» Directions for this task:
Pictures stay out; everything else in the records is to be copied exactly.
————
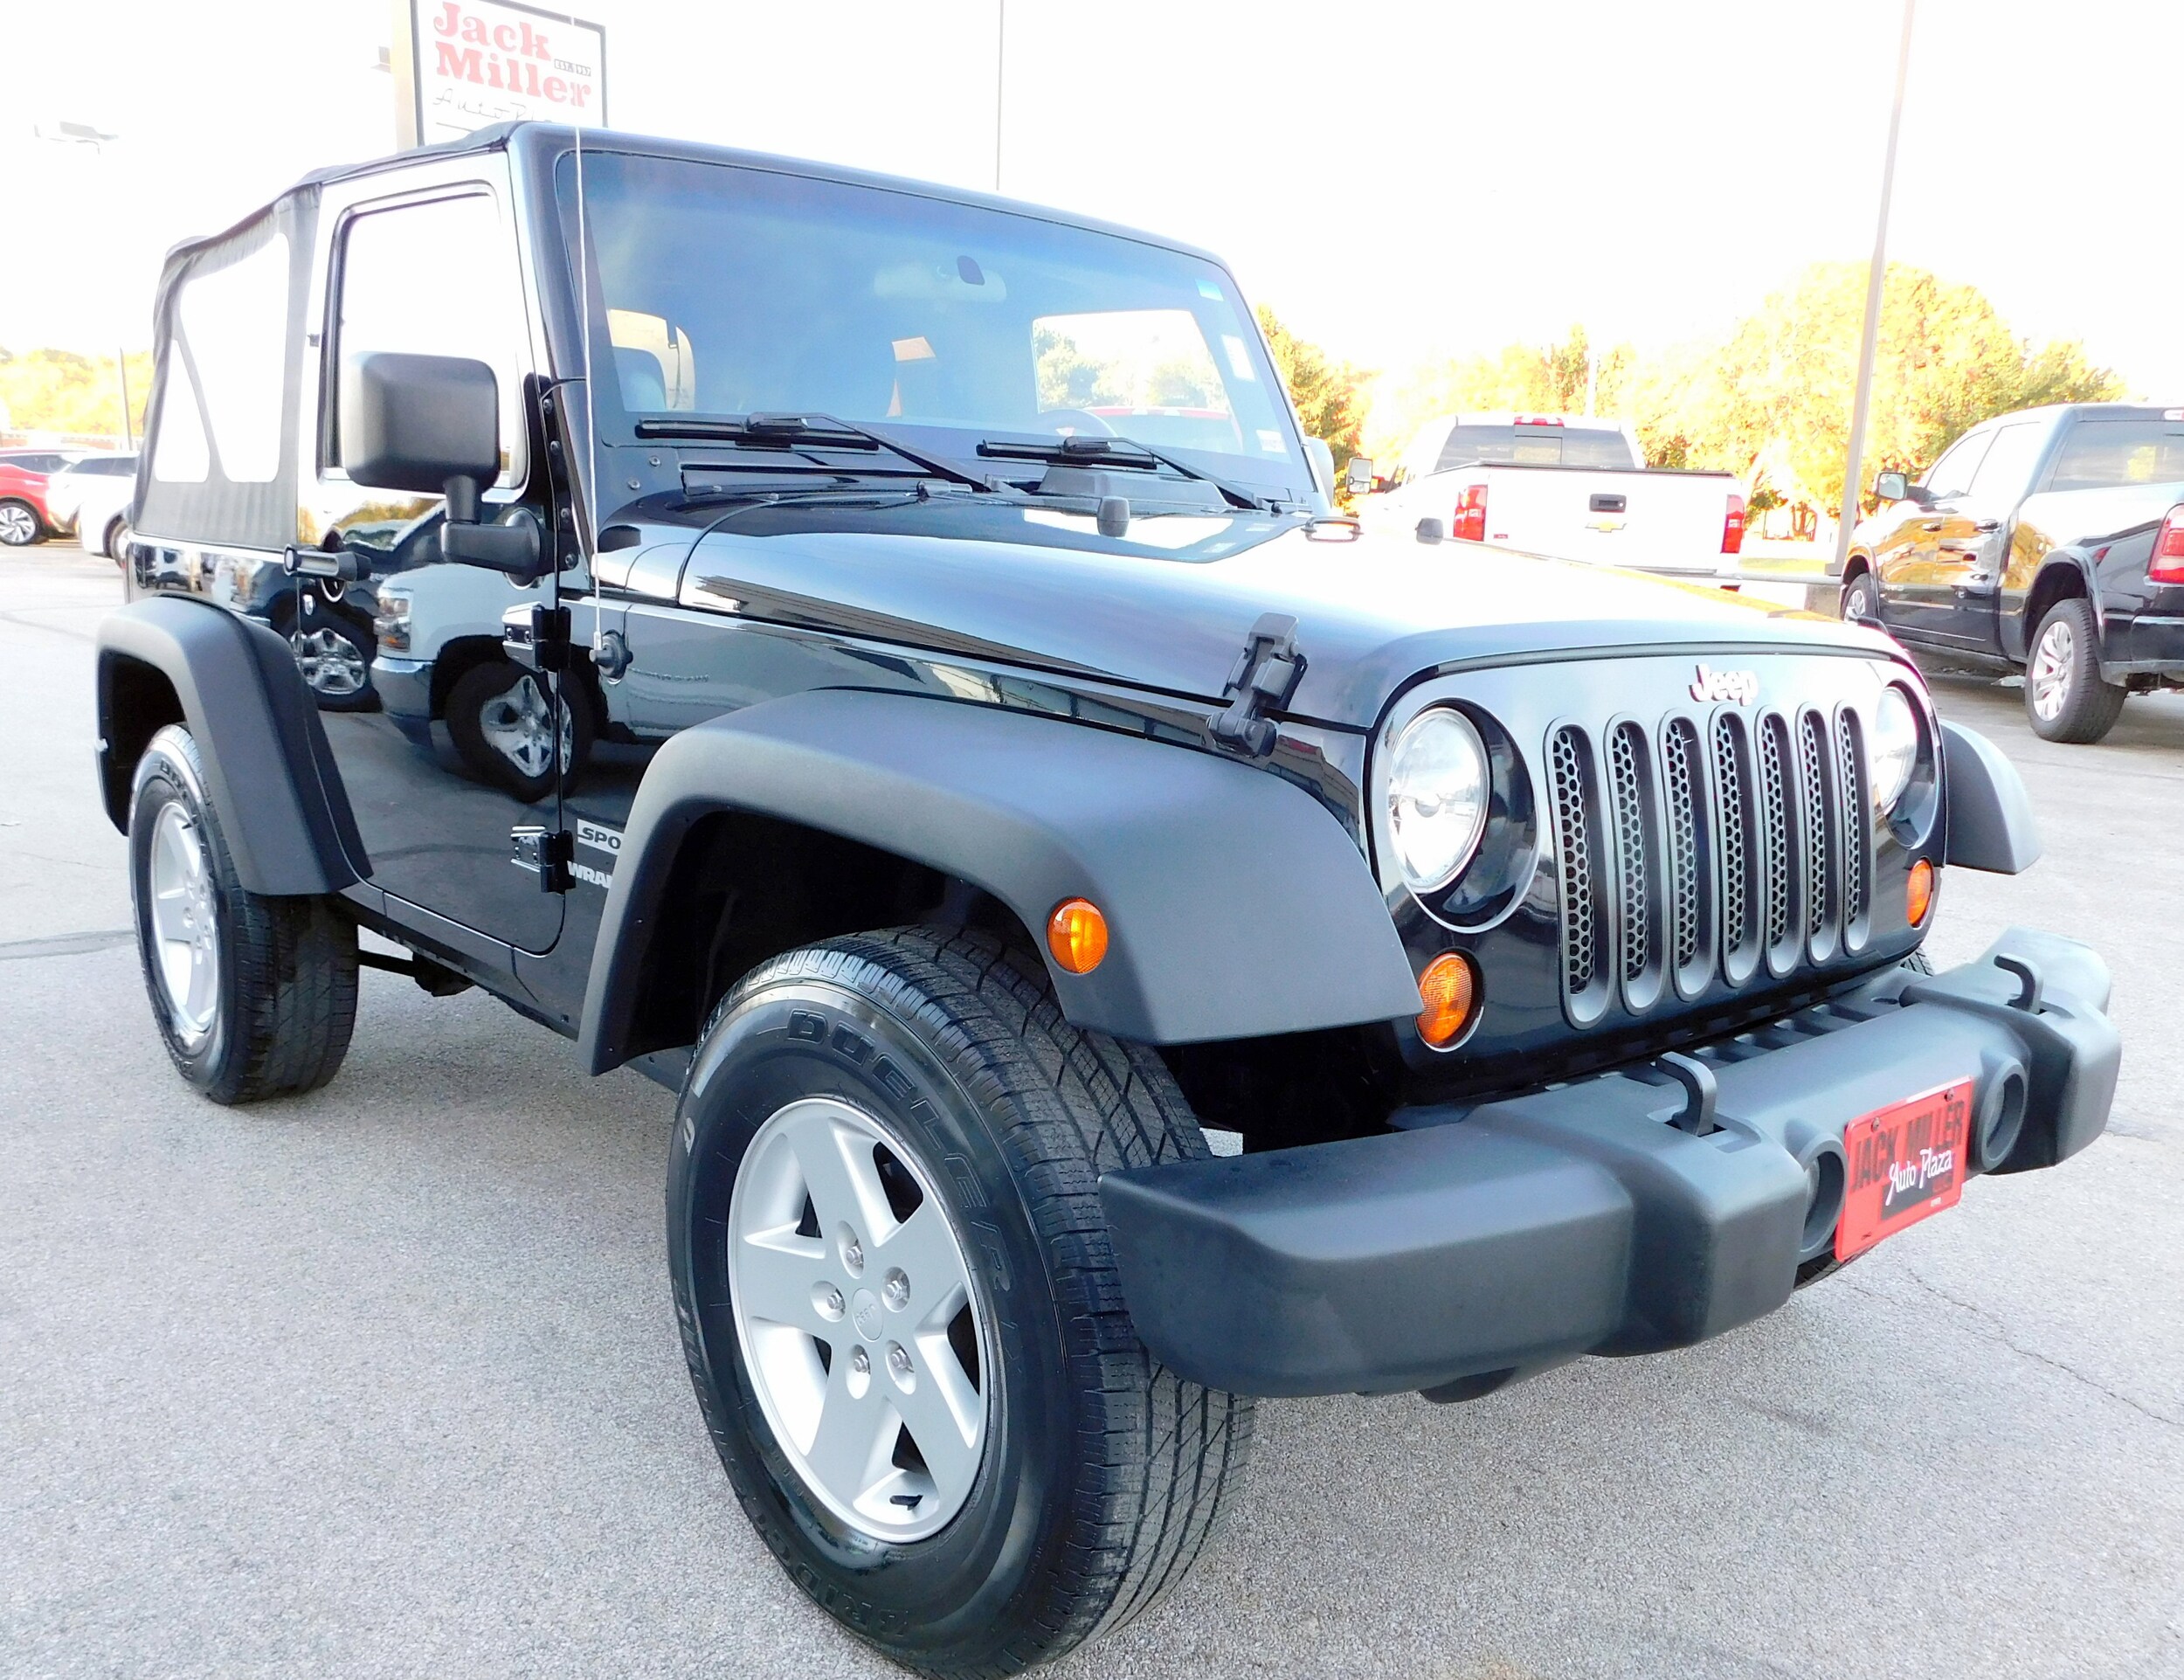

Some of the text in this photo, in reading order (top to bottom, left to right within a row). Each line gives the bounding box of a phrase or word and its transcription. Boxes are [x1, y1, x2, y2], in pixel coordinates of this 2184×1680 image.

[433, 2, 551, 61] Jack
[435, 42, 591, 107] Miller
[1689, 663, 1759, 707] Jeep
[1852, 1126, 1899, 1193] JACK
[1885, 1148, 1953, 1206] Auto Plaza
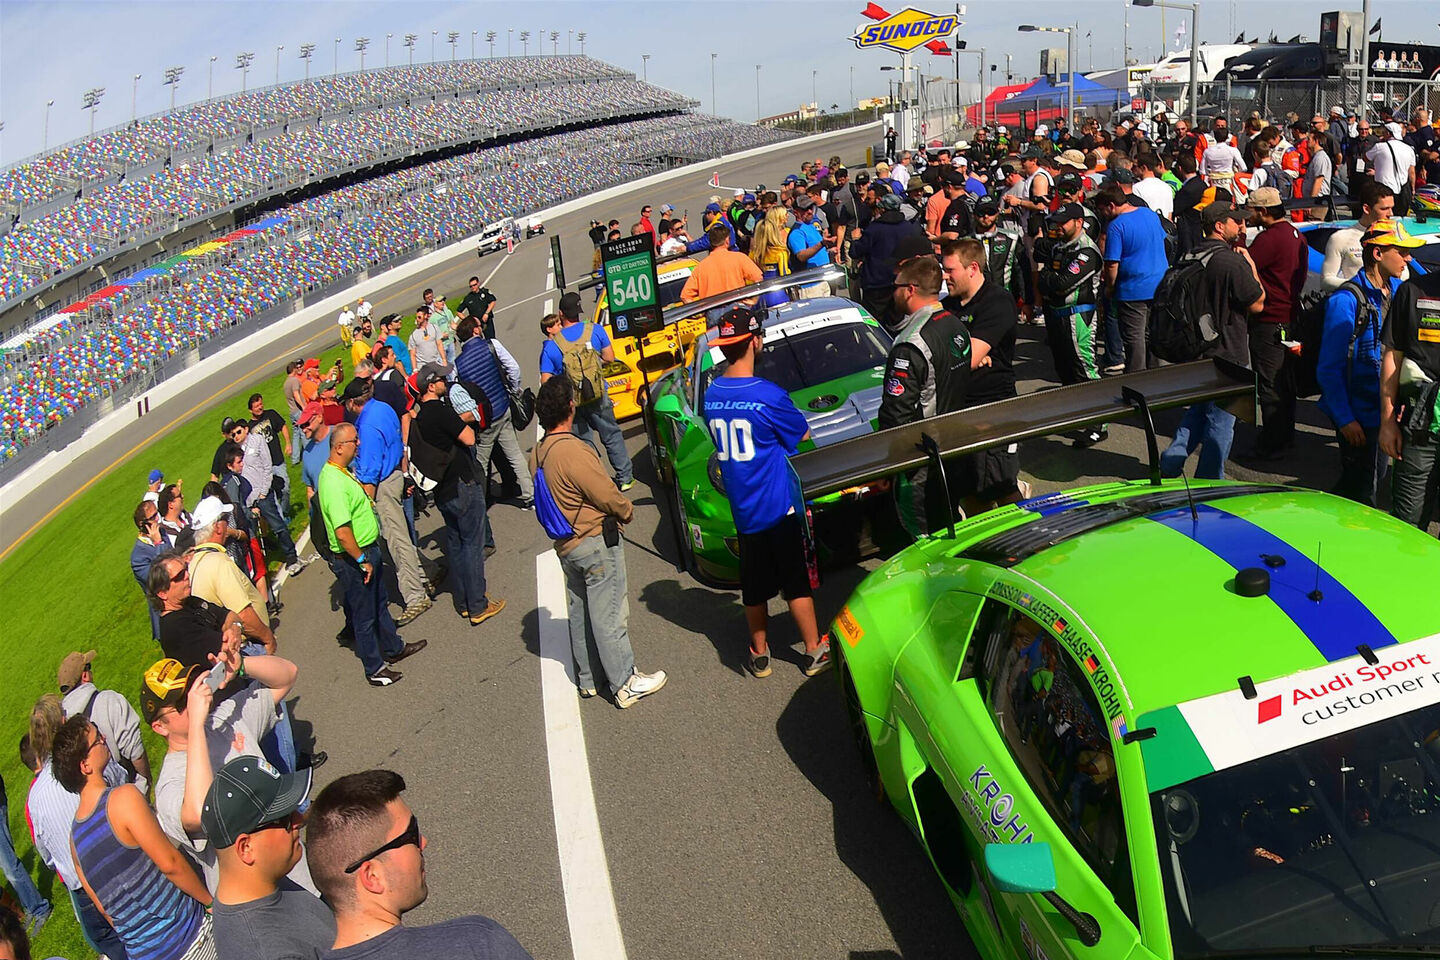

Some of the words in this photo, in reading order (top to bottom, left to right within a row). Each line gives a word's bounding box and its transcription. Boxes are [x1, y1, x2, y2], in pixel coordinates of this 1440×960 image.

[863, 18, 954, 43] SUNOCO
[609, 243, 626, 252] BLACK
[616, 246, 636, 255] RACING
[608, 264, 621, 274] GTD
[629, 259, 649, 269] DAYTONA
[612, 273, 651, 306] 540
[724, 401, 767, 411] LIGHT
[709, 419, 756, 462] 00
[1062, 625, 1092, 662] HAASE
[1092, 665, 1122, 719] KROHN
[1291, 671, 1354, 707] Audi
[1355, 652, 1432, 685] Sport
[1301, 674, 1426, 727] customer
————
» Answer for the task:
Some of the text in this photo, in reading order (top to bottom, left to right within a row). Each line gives the bounding box of a phrase or word and its transcription. Boxes are [x1, y1, x2, y2], in pixel coordinates of this 2184×1680 image.

[433, 2, 551, 61] Jack
[435, 42, 591, 107] Miller
[1689, 663, 1759, 707] Jeep
[1852, 1126, 1899, 1193] JACK
[1885, 1148, 1953, 1206] Auto Plaza

Some of the words in this photo, in reading order (top to bottom, left to right within a row). Each line gives a word's bounding box and its transcription. Boxes are [x1, y1, x2, y2], in pixel coordinates of this 1440×960 image.

[863, 18, 954, 43] SUNOCO
[609, 243, 626, 252] BLACK
[616, 246, 636, 255] RACING
[608, 264, 621, 274] GTD
[629, 259, 649, 269] DAYTONA
[612, 273, 651, 306] 540
[724, 401, 767, 411] LIGHT
[709, 419, 756, 462] 00
[1062, 625, 1092, 662] HAASE
[1092, 665, 1122, 719] KROHN
[1291, 671, 1354, 707] Audi
[1355, 652, 1432, 685] Sport
[1301, 674, 1426, 727] customer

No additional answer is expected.